- TASK REQUIREMENTS
Copy all records exactly; omit pictures.

- Annotated photo localization data
Start of Block

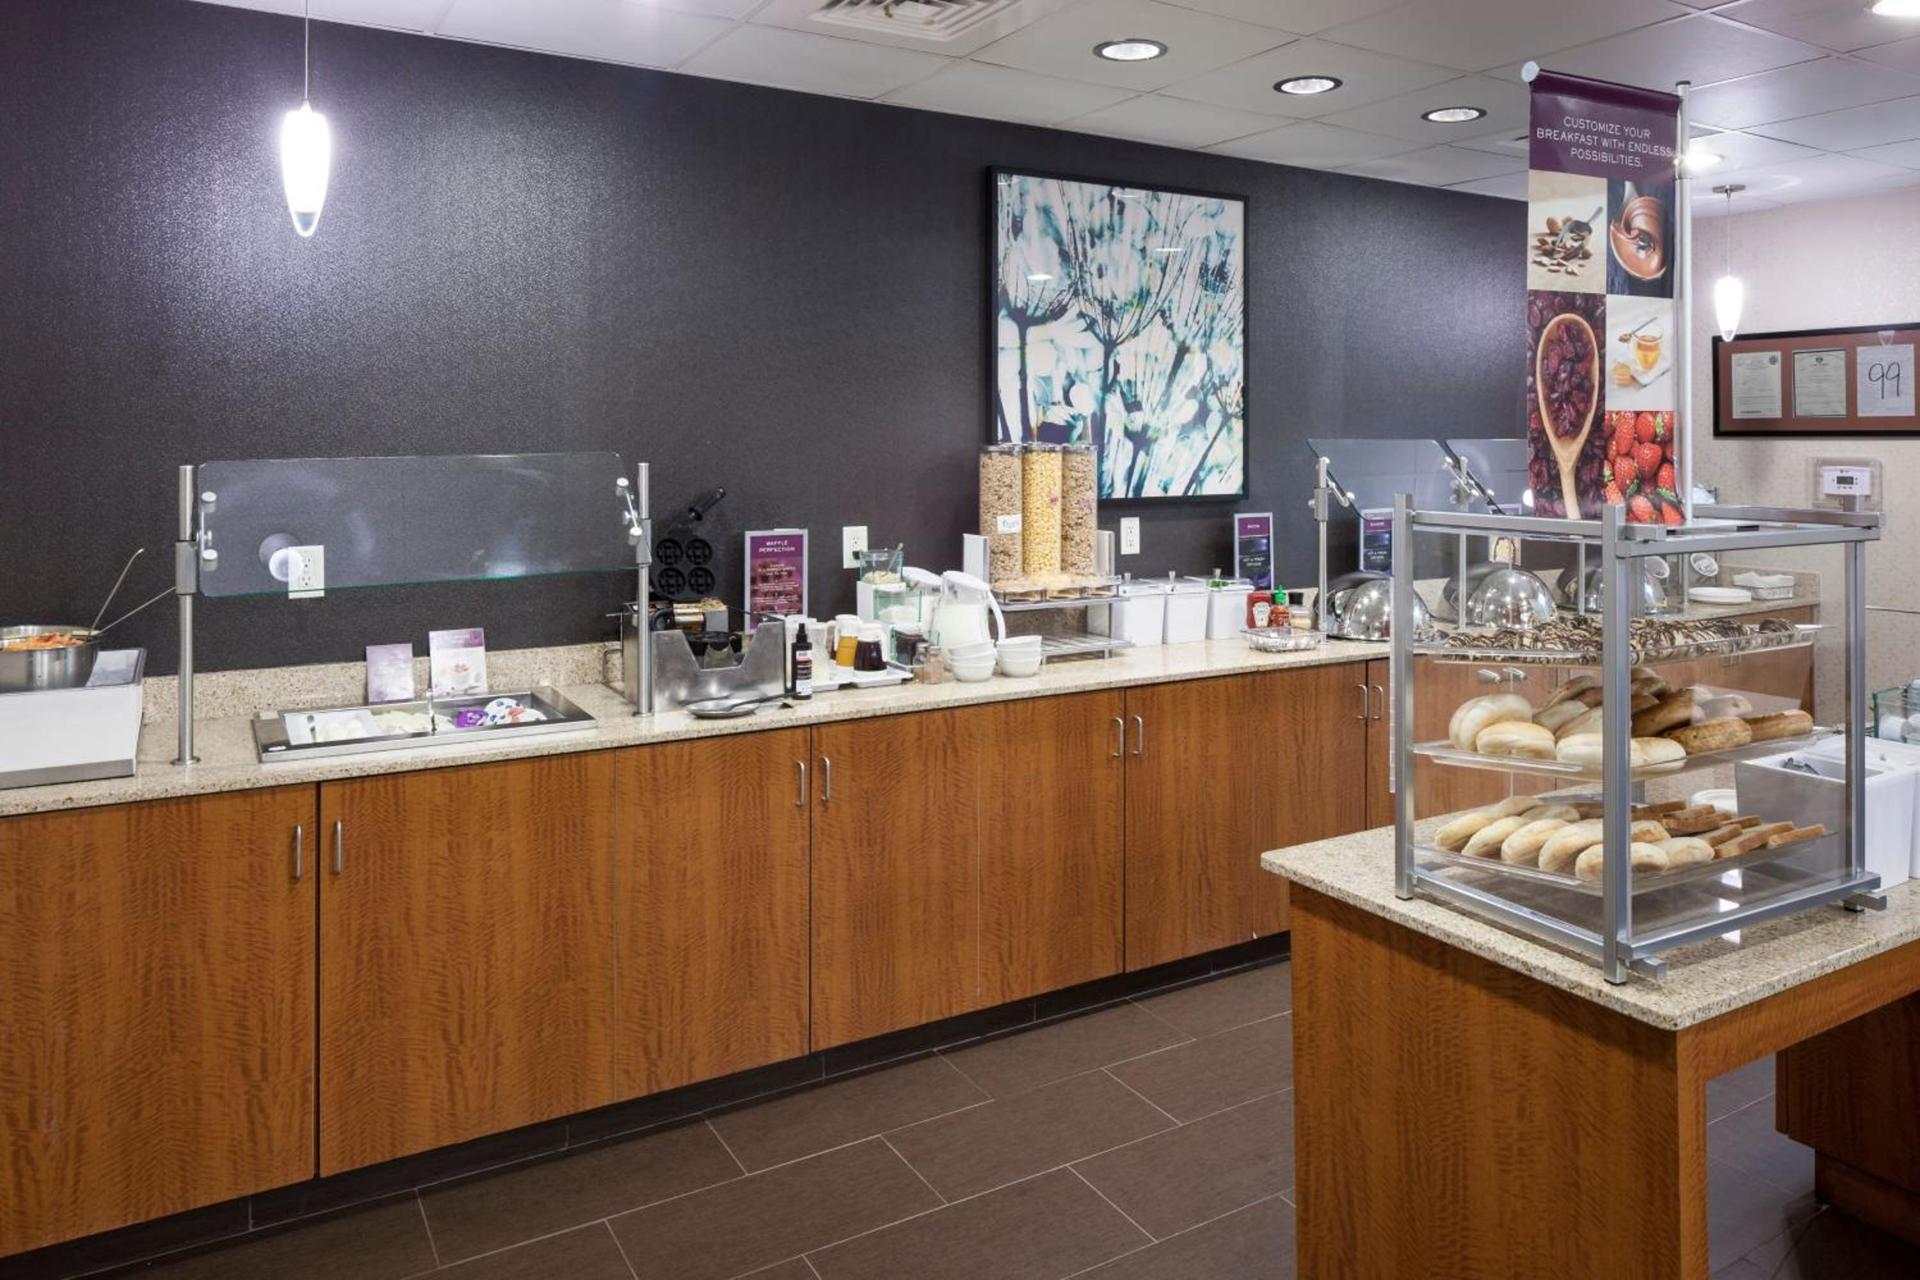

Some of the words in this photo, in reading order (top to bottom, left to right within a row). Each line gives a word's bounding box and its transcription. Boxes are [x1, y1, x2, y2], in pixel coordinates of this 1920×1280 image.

[1563, 116, 1621, 136] CUSTOMIZE
[1623, 125, 1652, 139] YOUR
[1536, 128, 1599, 147] BREAKFAST
[1600, 137, 1626, 150] WITH
[1628, 141, 1672, 157] ENDLESS
[1570, 147, 1643, 168] POSSIBILITIES.
[1868, 361, 1901, 400] 99
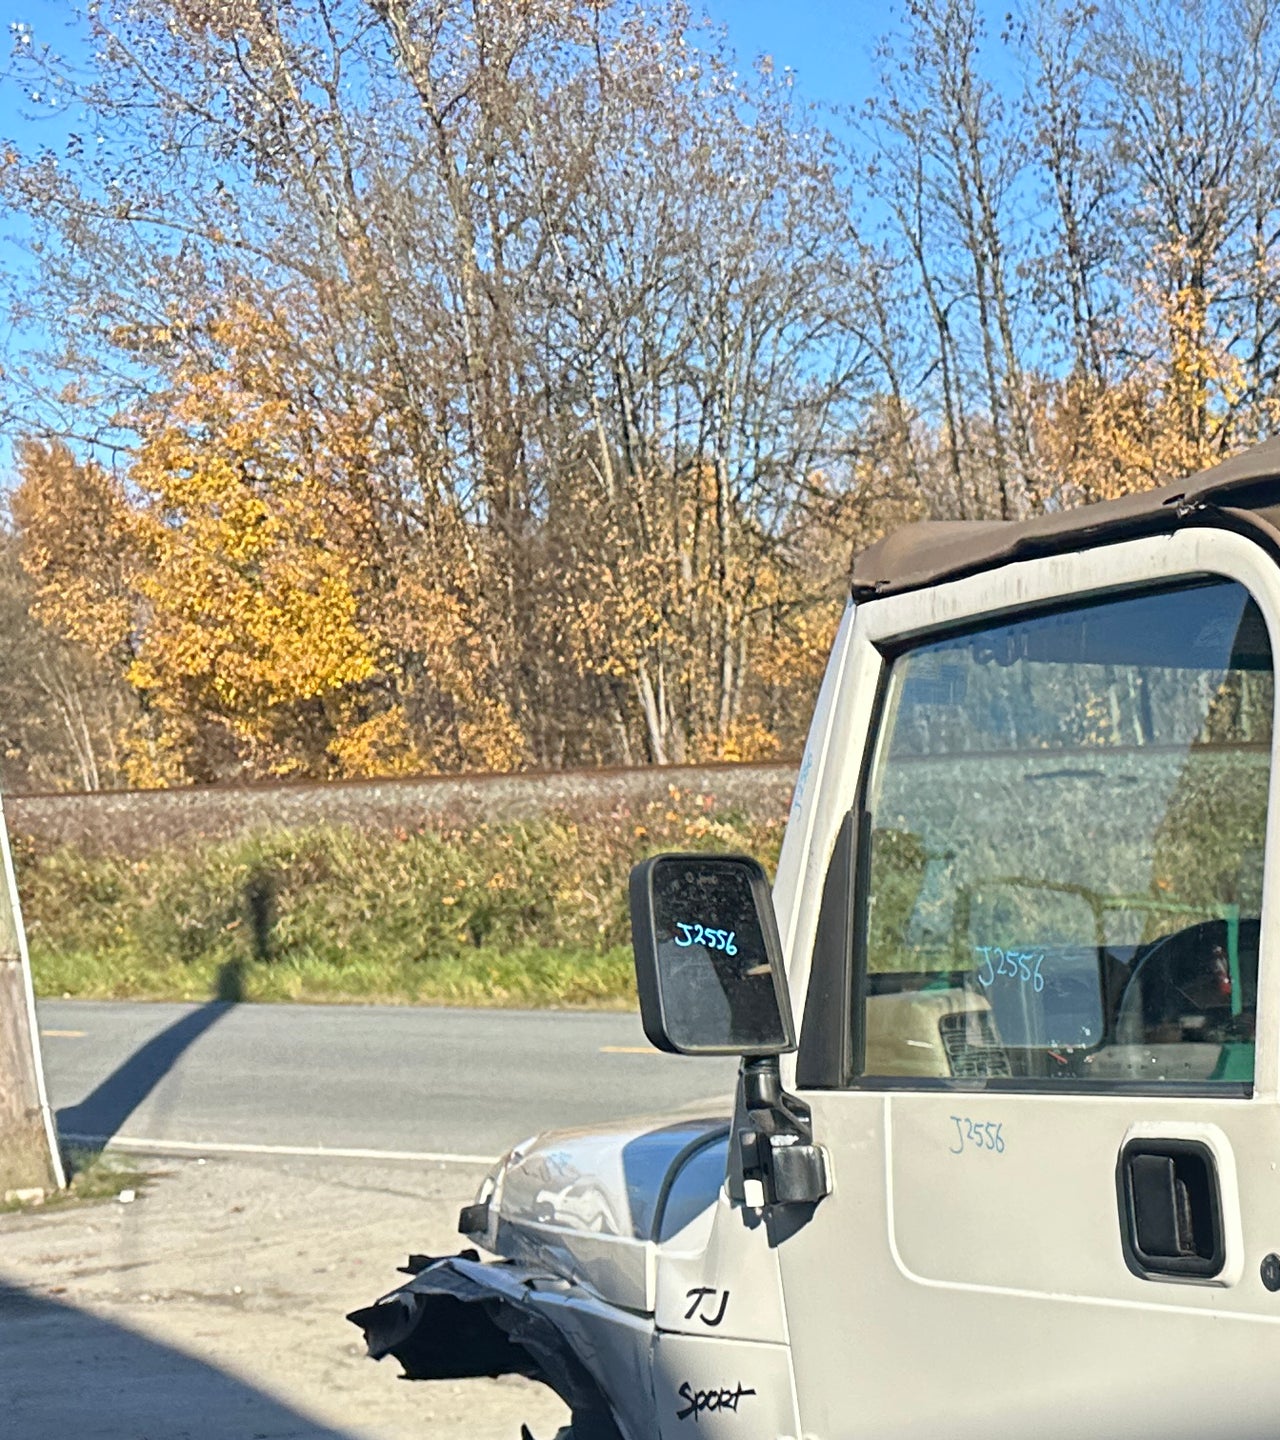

End of Block

- FINAL ANSWER
Some of the words in this photo, in reading order (top to bottom, left to right within a row). Each line gives a word's bounding box and its transcription. Boxes are [x1, y1, x2, y2], in pixel coordinates of this 1920×1280 image.

[1563, 116, 1621, 136] CUSTOMIZE
[1623, 125, 1652, 139] YOUR
[1536, 128, 1599, 147] BREAKFAST
[1600, 137, 1626, 150] WITH
[1628, 141, 1672, 157] ENDLESS
[1570, 147, 1643, 168] POSSIBILITIES.
[1868, 361, 1901, 400] 99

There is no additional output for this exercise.